◆ Your task ◆
Each entry is to be given again precisely, and no picture may be carried over.

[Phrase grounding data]
********************

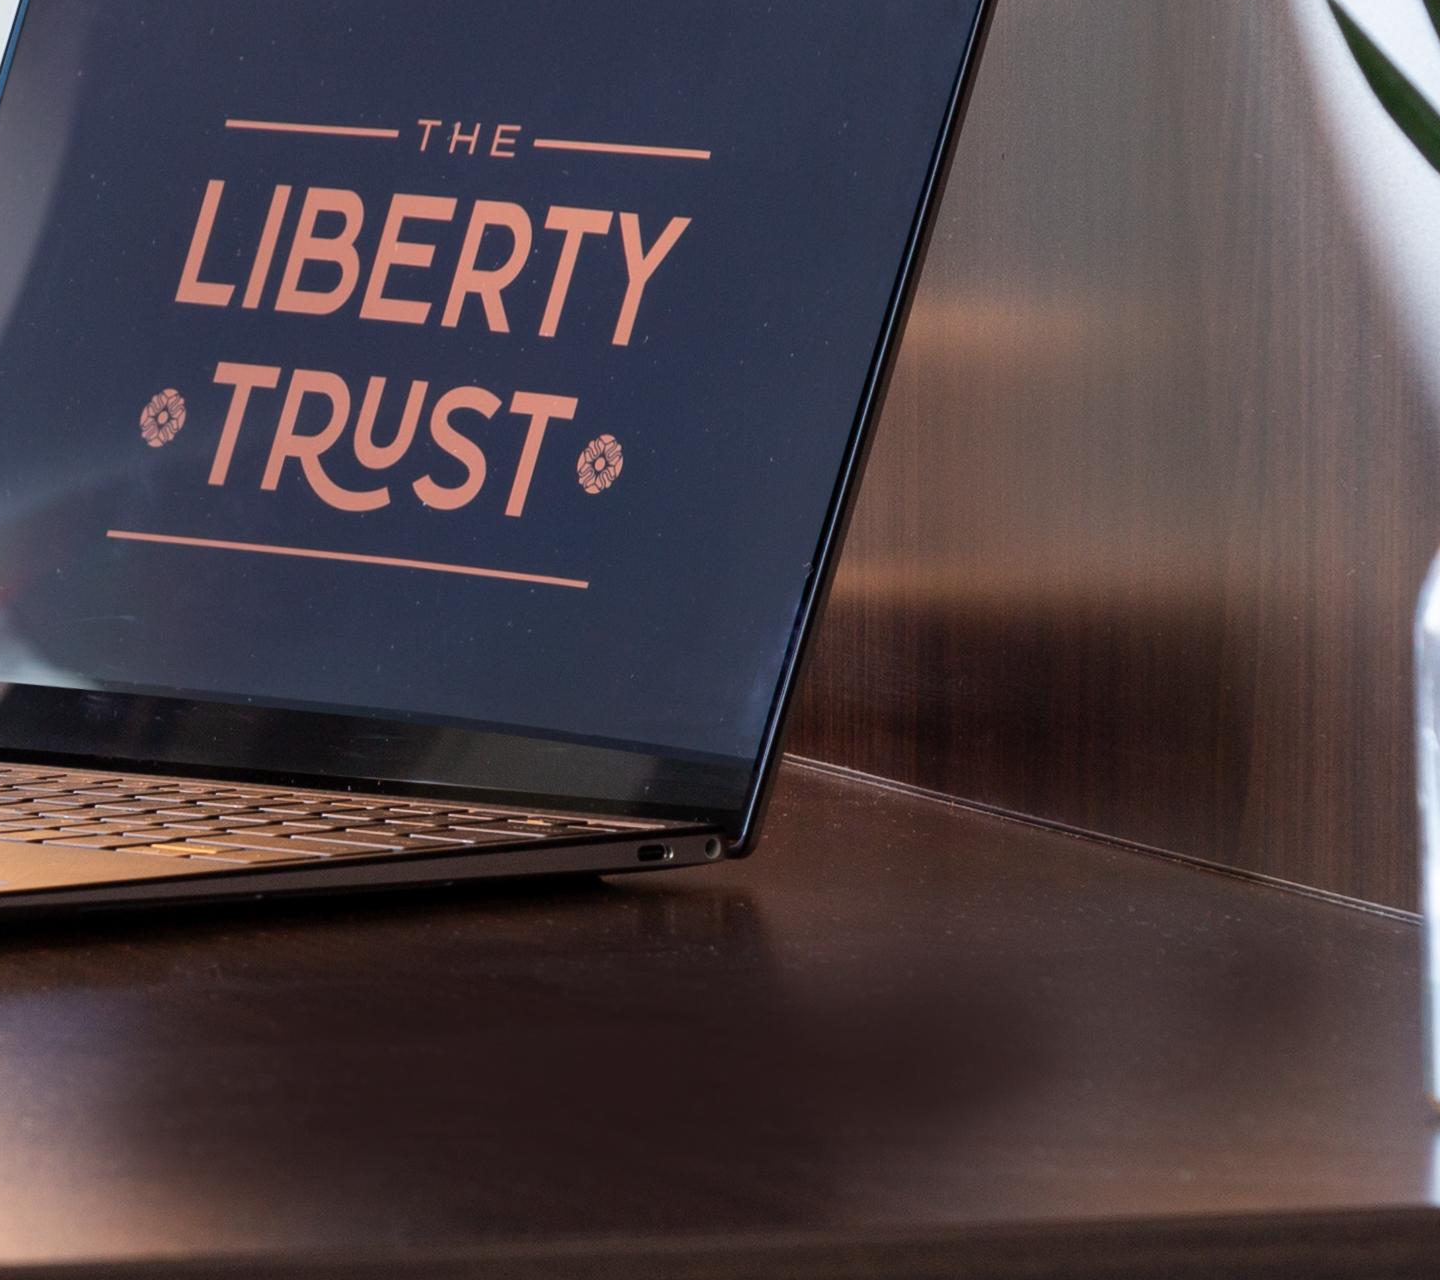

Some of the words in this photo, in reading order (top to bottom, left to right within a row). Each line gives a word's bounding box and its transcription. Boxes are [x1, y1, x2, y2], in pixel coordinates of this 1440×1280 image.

[417, 119, 522, 159] THE
[174, 179, 692, 347] LIBERTY
[207, 361, 579, 518] TRUST
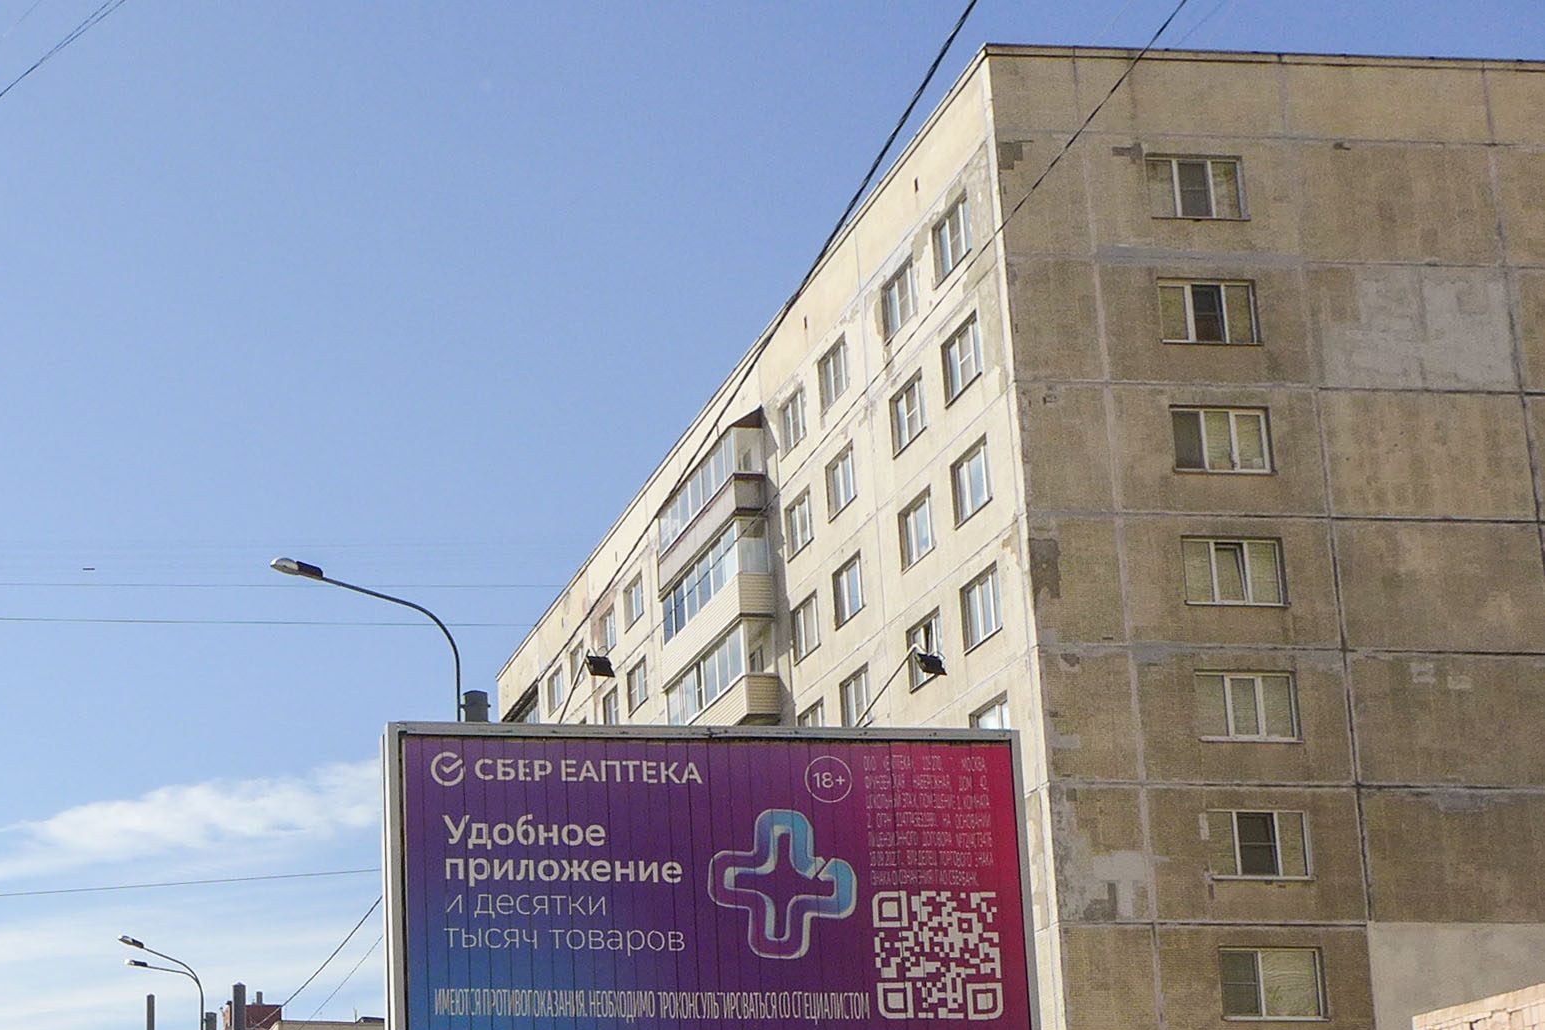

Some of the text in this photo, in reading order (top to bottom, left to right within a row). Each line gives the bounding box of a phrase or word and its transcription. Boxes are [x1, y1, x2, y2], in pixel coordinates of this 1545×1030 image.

[474, 758, 703, 784] СБЕР ЕАПТЕКА
[813, 772, 845, 789] 18+
[442, 814, 606, 850] Удобное
[445, 858, 684, 888] приложение
[474, 893, 607, 919] десятки
[444, 928, 686, 957] тысяч товаров
[434, 988, 481, 1016] ИМЕЮТСЯ
[589, 990, 655, 1024] НЕОБХОДИМО
[778, 991, 791, 1019] СО
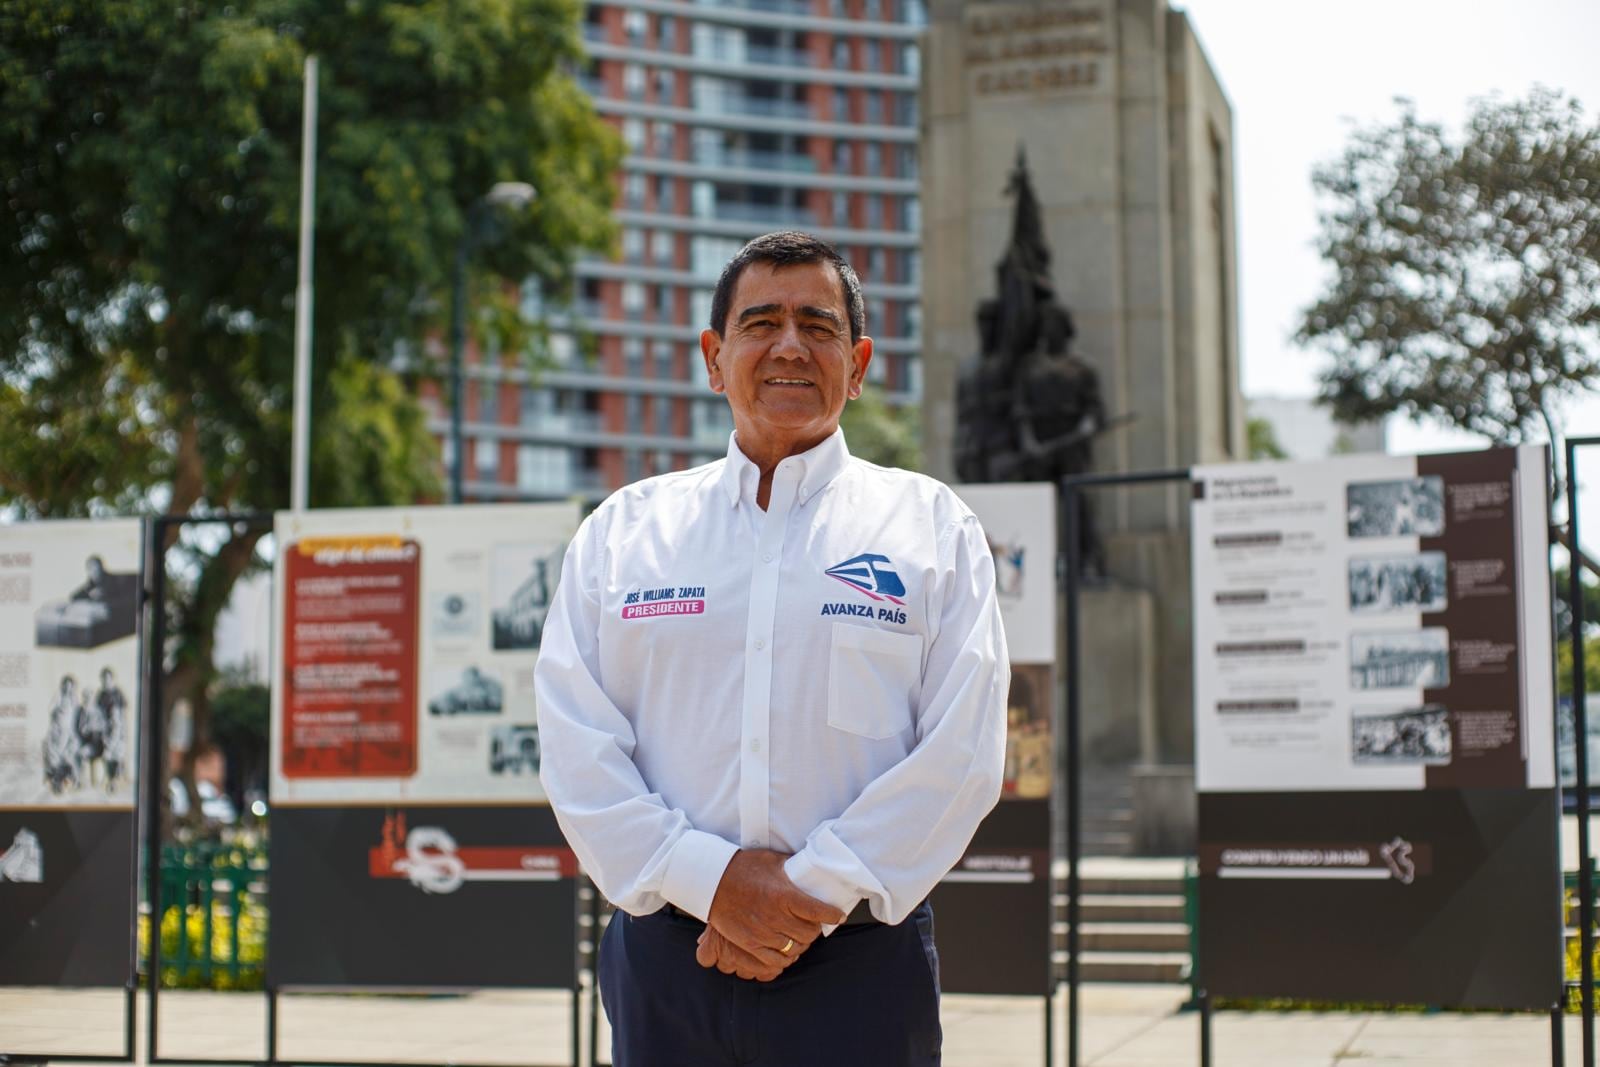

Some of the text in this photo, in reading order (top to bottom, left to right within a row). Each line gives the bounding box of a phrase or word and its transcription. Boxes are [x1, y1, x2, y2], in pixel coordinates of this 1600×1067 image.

[624, 586, 705, 604] JOSÉ WILLIAMS ZAPATA
[627, 601, 699, 618] PRESIDENTE
[821, 603, 907, 625] AVANZA PAÍS
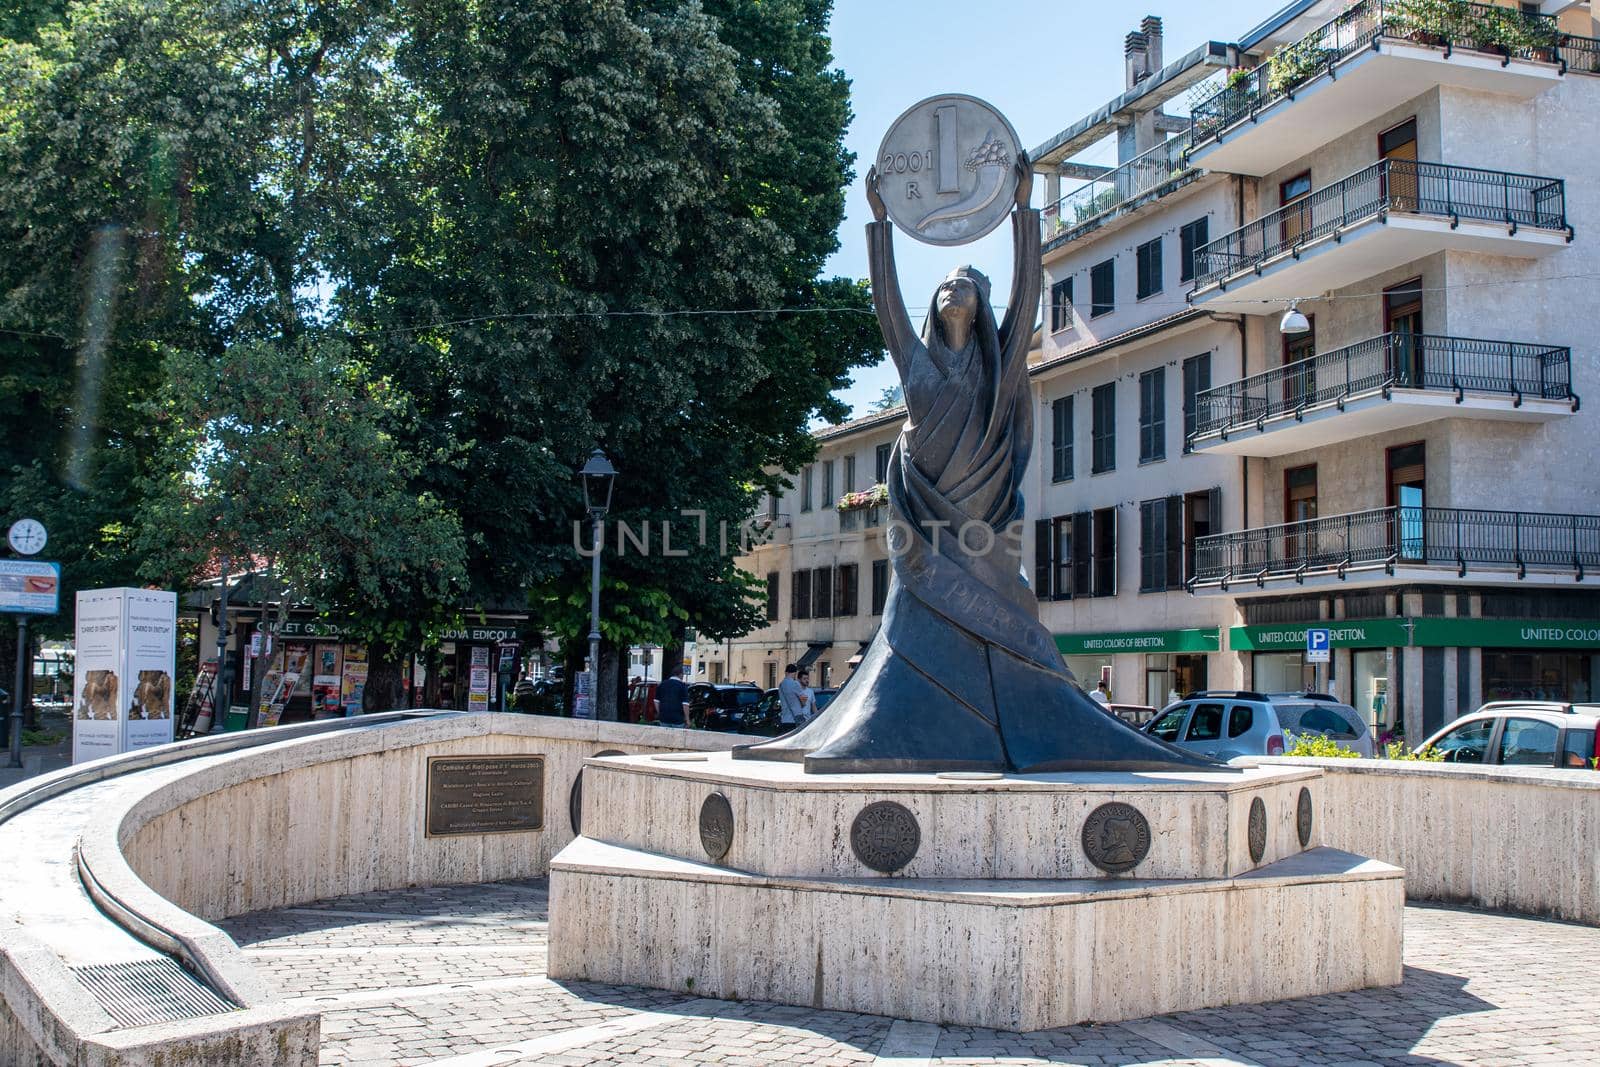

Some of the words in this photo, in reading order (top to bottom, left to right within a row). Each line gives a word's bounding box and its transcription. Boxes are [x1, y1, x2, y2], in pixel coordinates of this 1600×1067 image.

********************

◆ Answer to this exercise ◆
Some of the words in this photo, in reading order (top to bottom, left to right within a row). Each line gives a word's bounding box and its transcription. Boxes are [x1, y1, x2, y2], in pixel coordinates of this 1440×1280 image.

[417, 119, 522, 159] THE
[174, 179, 692, 347] LIBERTY
[207, 361, 579, 518] TRUST

Some of the text in this photo, in reading order (top to bottom, left to right within a row). Each line gives the bounding box of a phrase or word and its transcription. Boxes are [x1, y1, x2, y2], in pixel coordinates of this 1545×1030 image.

[474, 758, 703, 784] СБЕР ЕАПТЕКА
[813, 772, 845, 789] 18+
[442, 814, 606, 850] Удобное
[445, 858, 684, 888] приложение
[474, 893, 607, 919] десятки
[444, 928, 686, 957] тысяч товаров
[434, 988, 481, 1016] ИМЕЮТСЯ
[589, 990, 655, 1024] НЕОБХОДИМО
[778, 991, 791, 1019] СО

Some of the text in this photo, in reading order (top to bottom, left to right within a row). Each line gives the bounding box of a phrase or word and its transcription. Boxes are [x1, y1, x2, y2], in pixel coordinates of this 1600×1067 image.

[624, 586, 705, 604] JOSÉ WILLIAMS ZAPATA
[627, 601, 699, 618] PRESIDENTE
[821, 603, 907, 625] AVANZA PAÍS

Some of the words in this photo, in reading order (top to bottom, left to right within a row). Each line gives a word's bounding box and its transcription. Boxes are [x1, y1, x2, y2], in pixel coordinates of this 1600×1067 image.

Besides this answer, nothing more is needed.